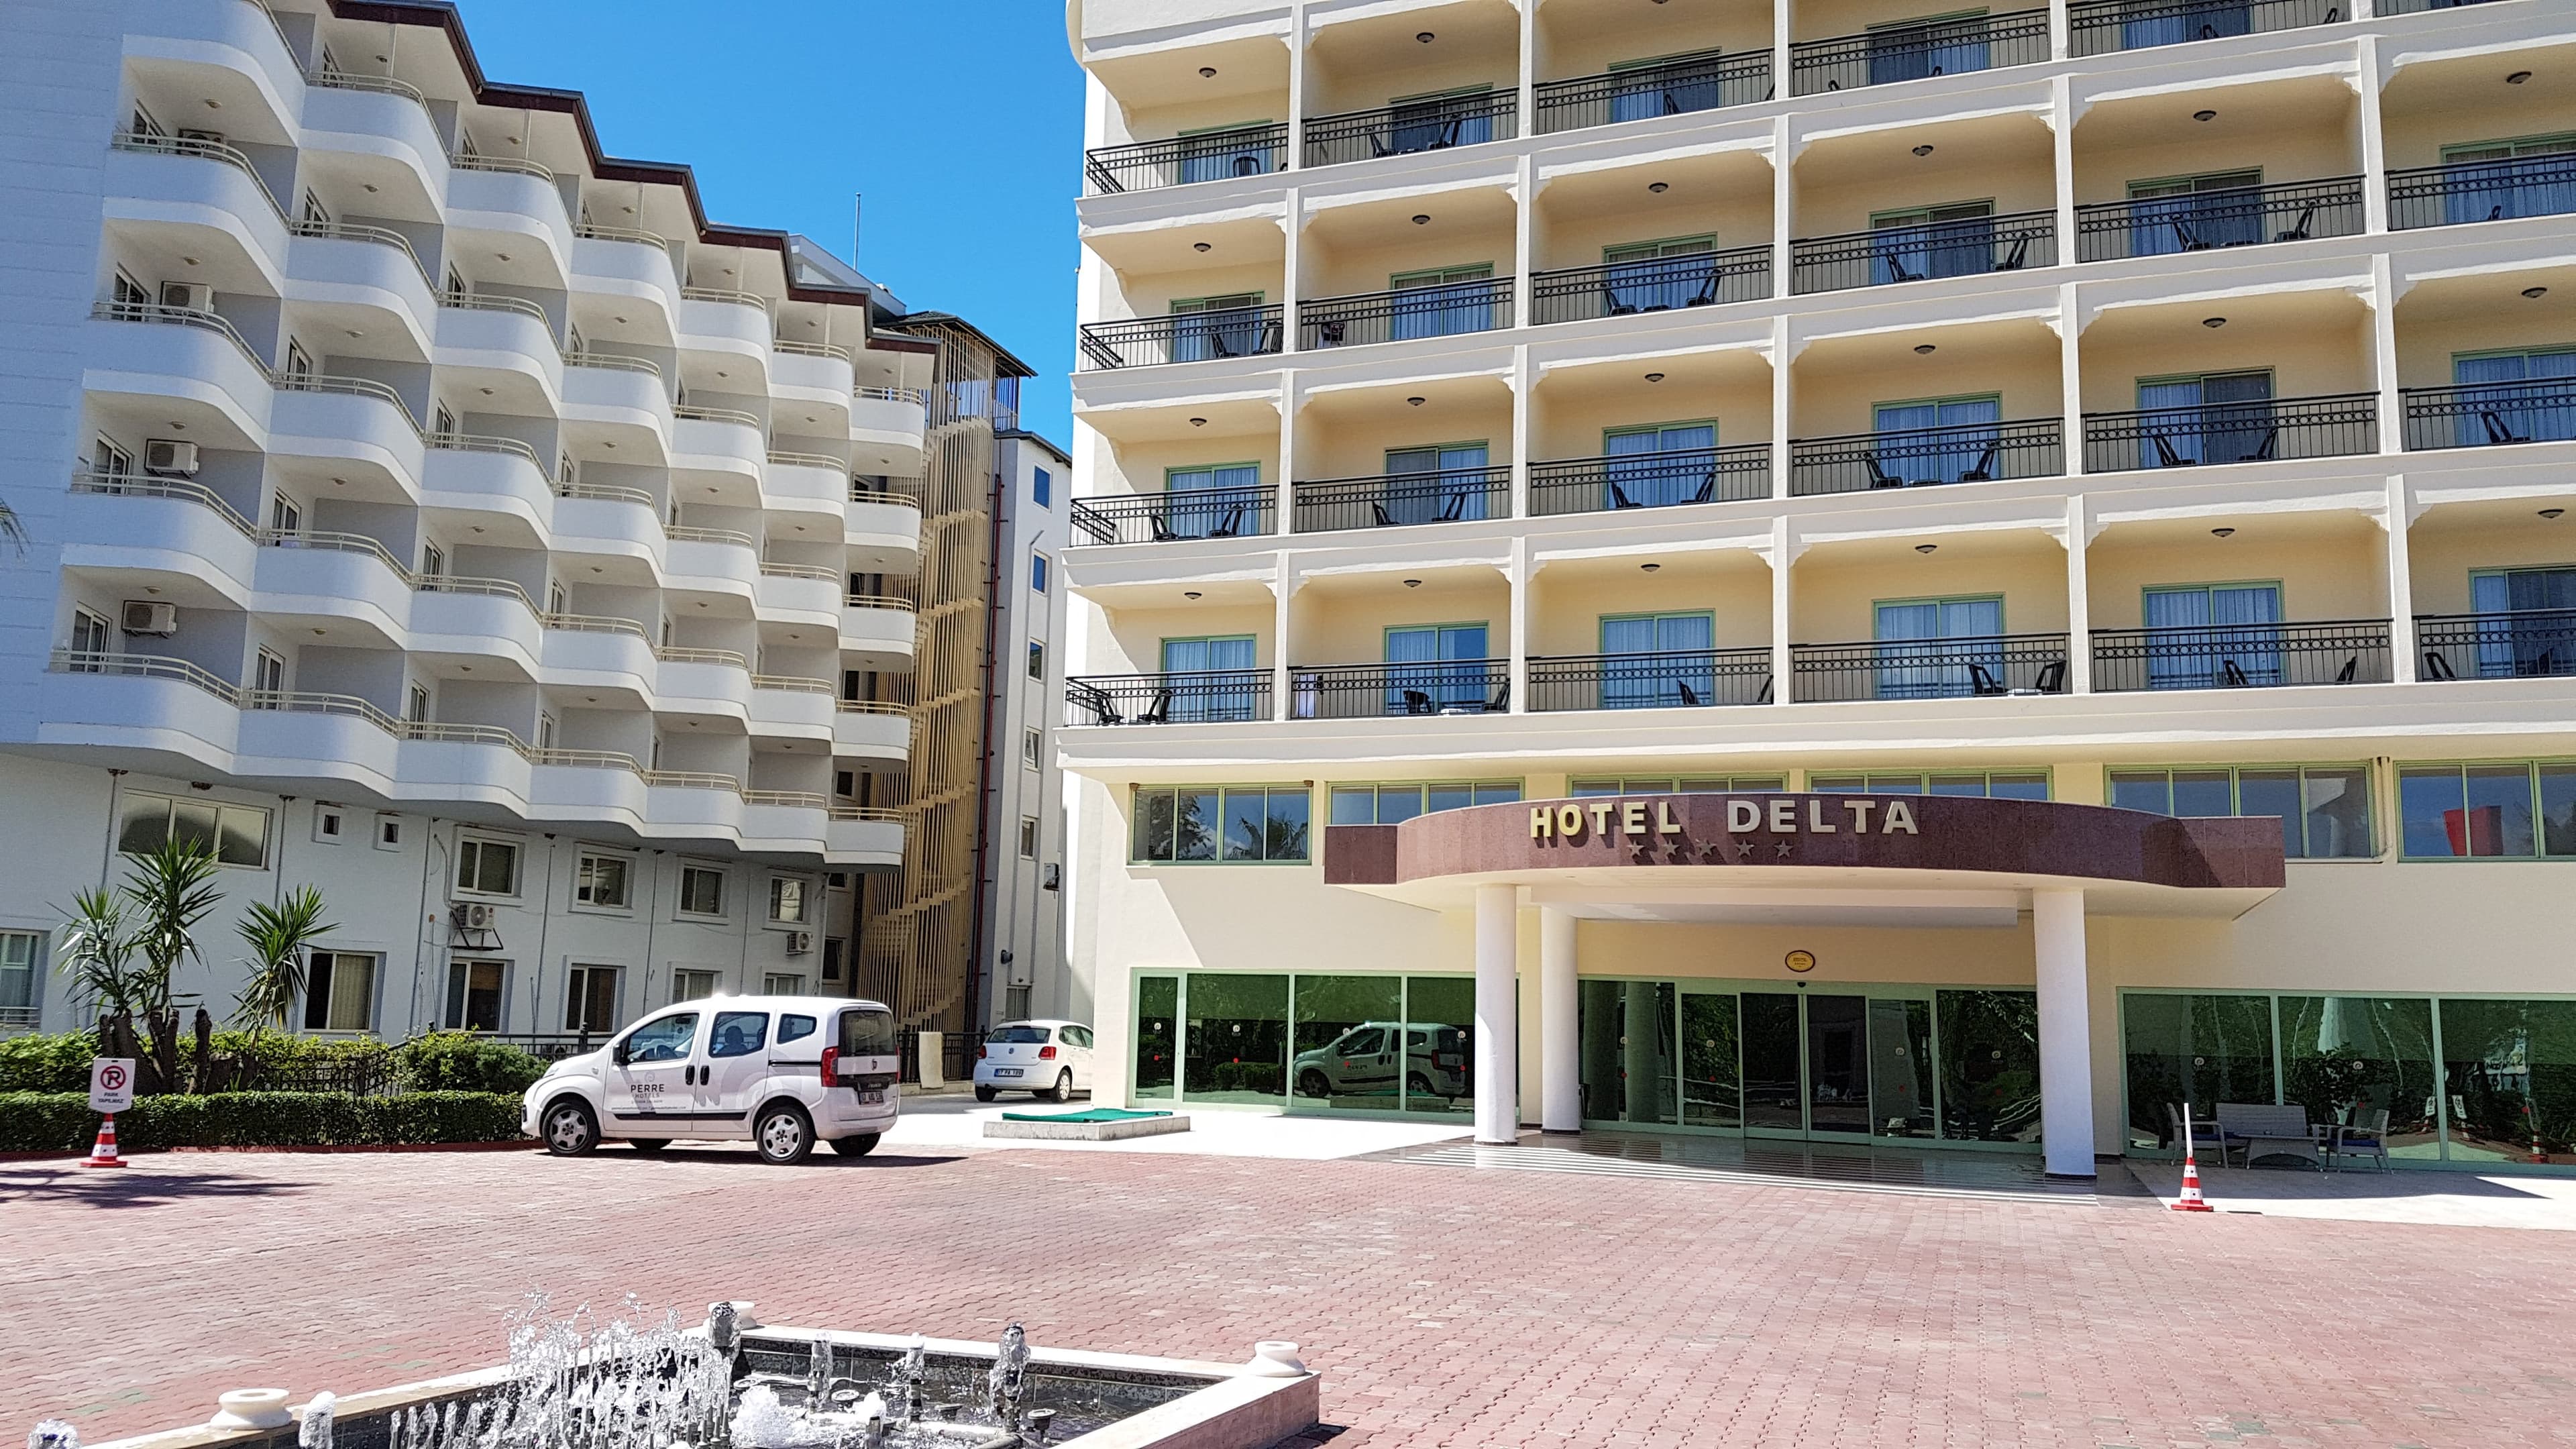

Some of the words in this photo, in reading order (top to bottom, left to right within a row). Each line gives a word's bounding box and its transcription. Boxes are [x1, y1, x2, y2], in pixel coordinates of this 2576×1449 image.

[1529, 801, 1681, 839] HOTEL
[1727, 800, 1919, 835] DELTA
[631, 1083, 665, 1093] PERRE
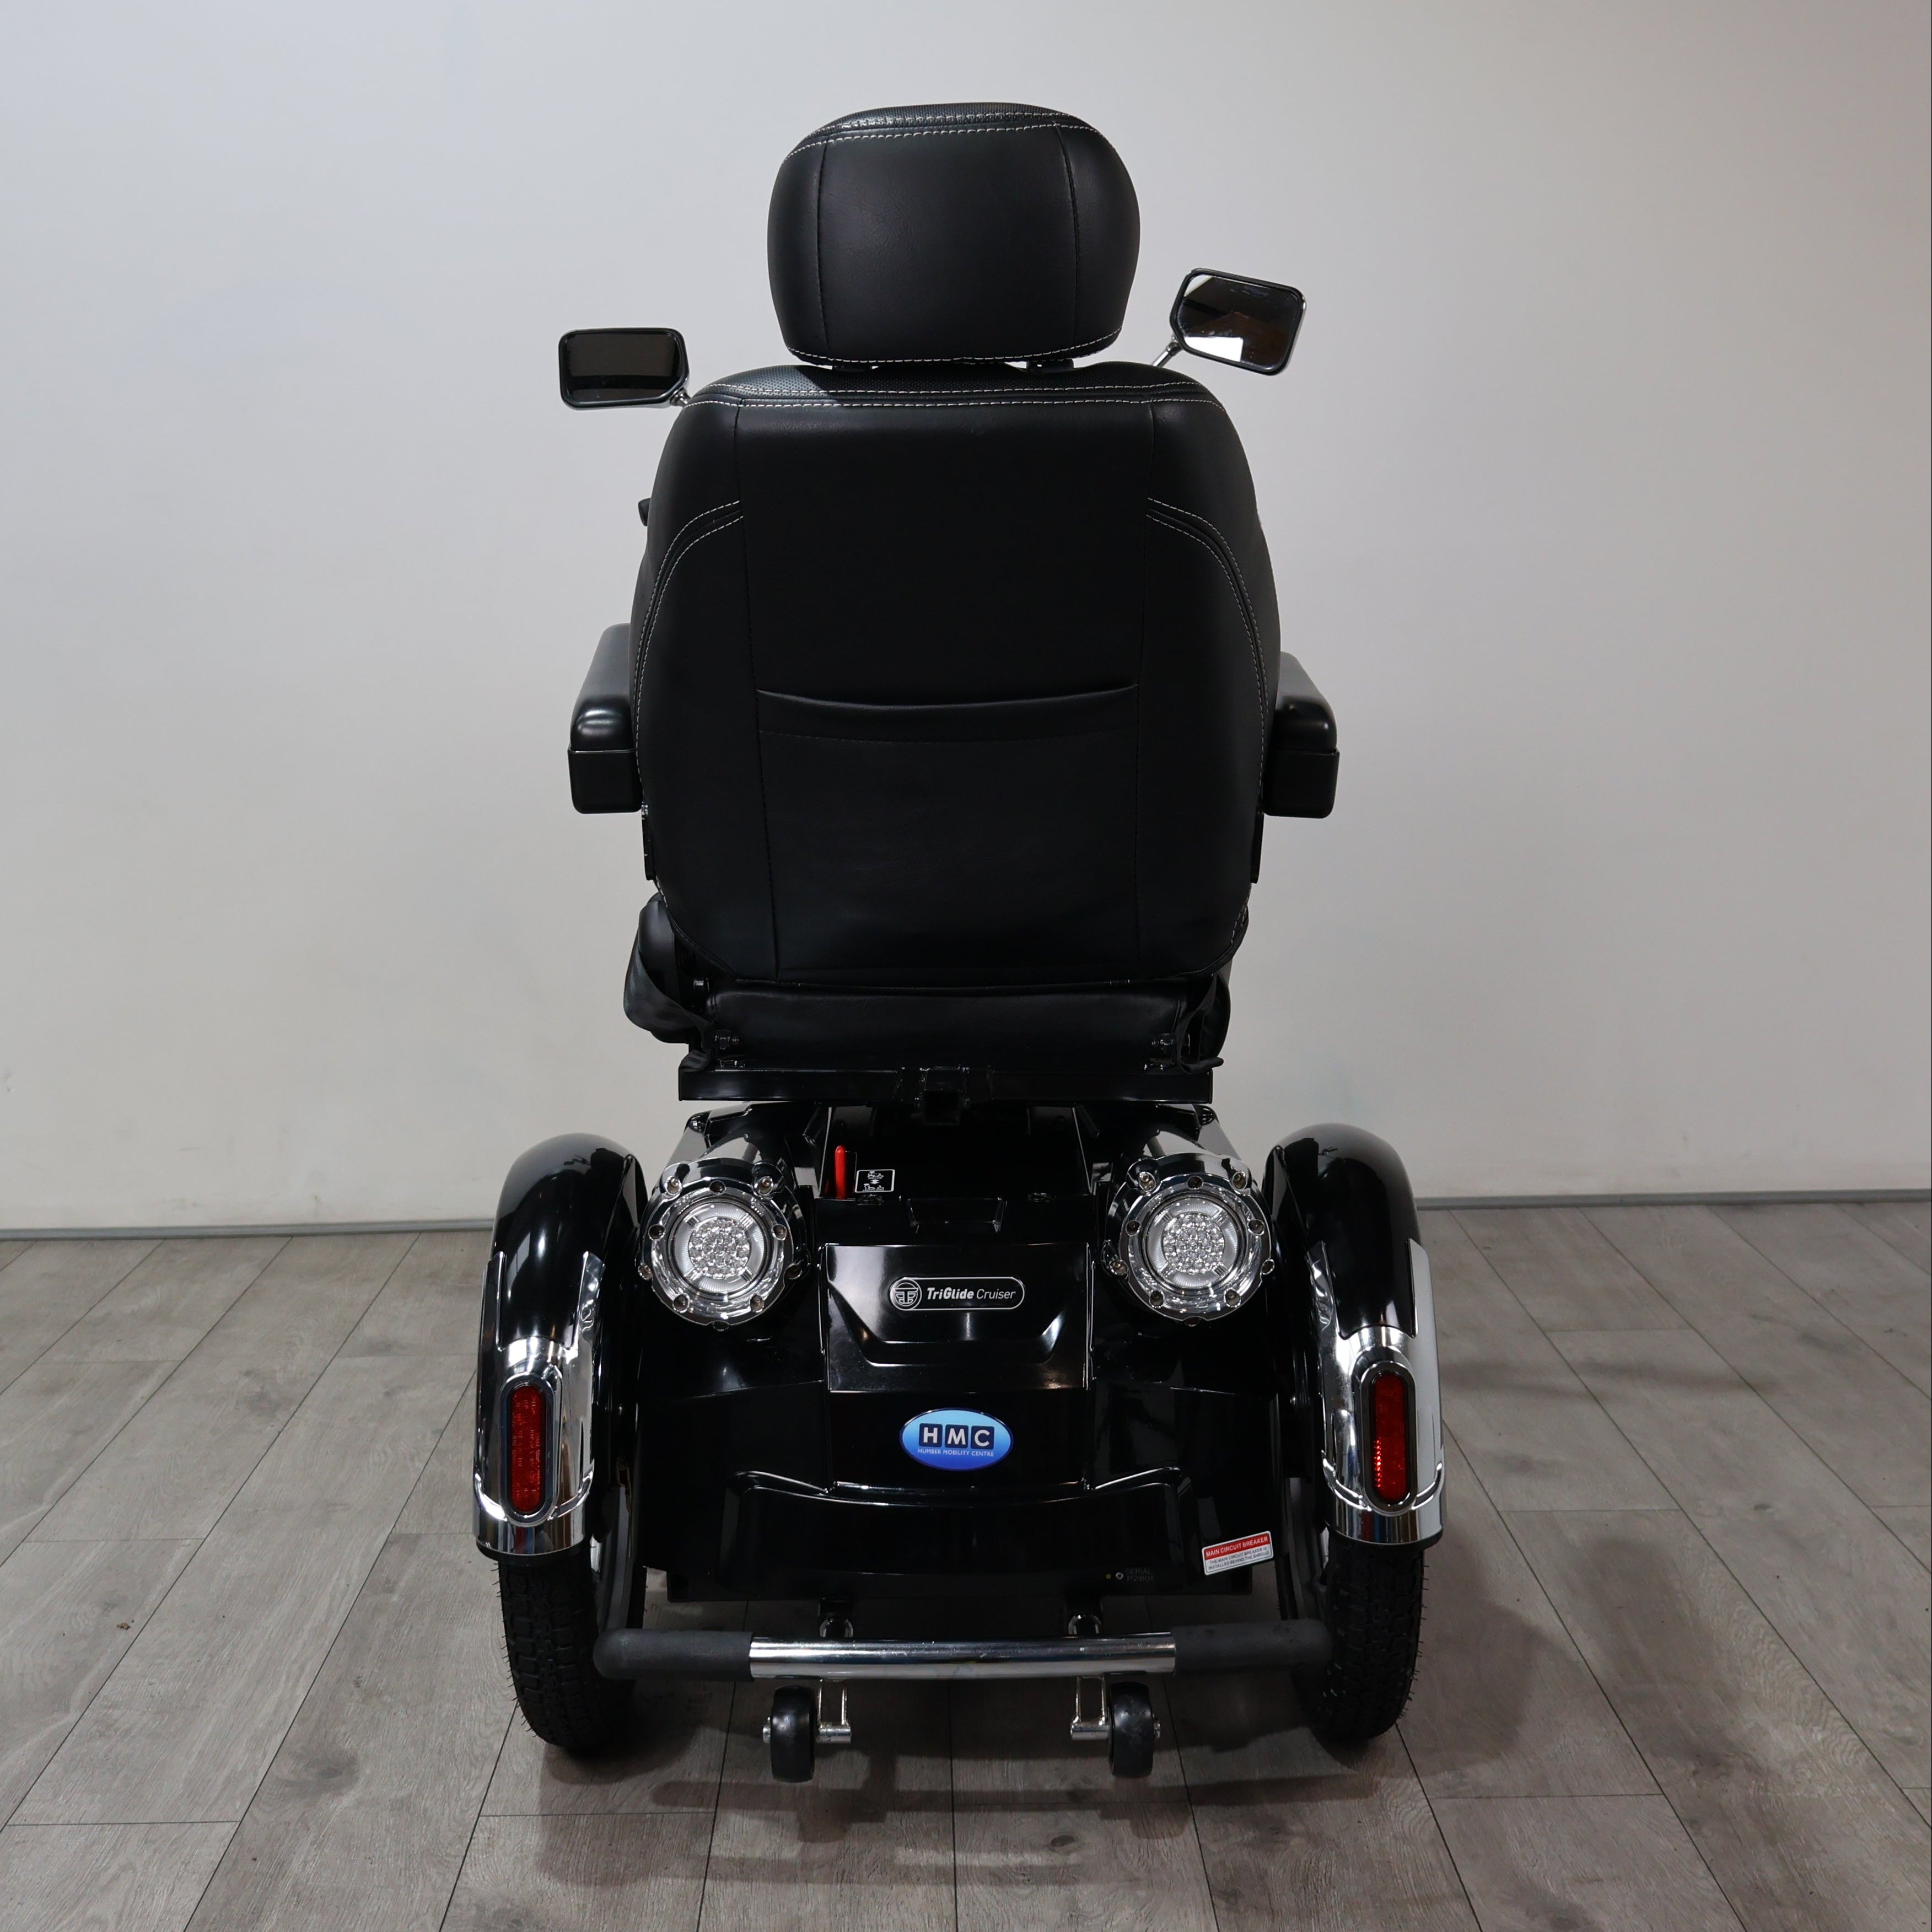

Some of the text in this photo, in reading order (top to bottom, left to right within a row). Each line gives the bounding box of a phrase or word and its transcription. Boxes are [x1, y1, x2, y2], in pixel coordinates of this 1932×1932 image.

##########

## Aim of the exercise
Write the data out again word for word; leave the pictures behind.

## Task solution
Some of the words in this photo, in reading order (top to bottom, left to right within a row). Each line gives a word's bounding box and its transcription. Boxes are [x1, y1, x2, y2], in pixel coordinates of this 2576×1449 image.

[1529, 801, 1681, 839] HOTEL
[1727, 800, 1919, 835] DELTA
[631, 1083, 665, 1093] PERRE

Some of the text in this photo, in reading order (top to bottom, left to right within a row). Each line gives the bounding box of a phrase or word and its transcription. Boxes are [x1, y1, x2, y2], in pixel coordinates of this 1932×1932 image.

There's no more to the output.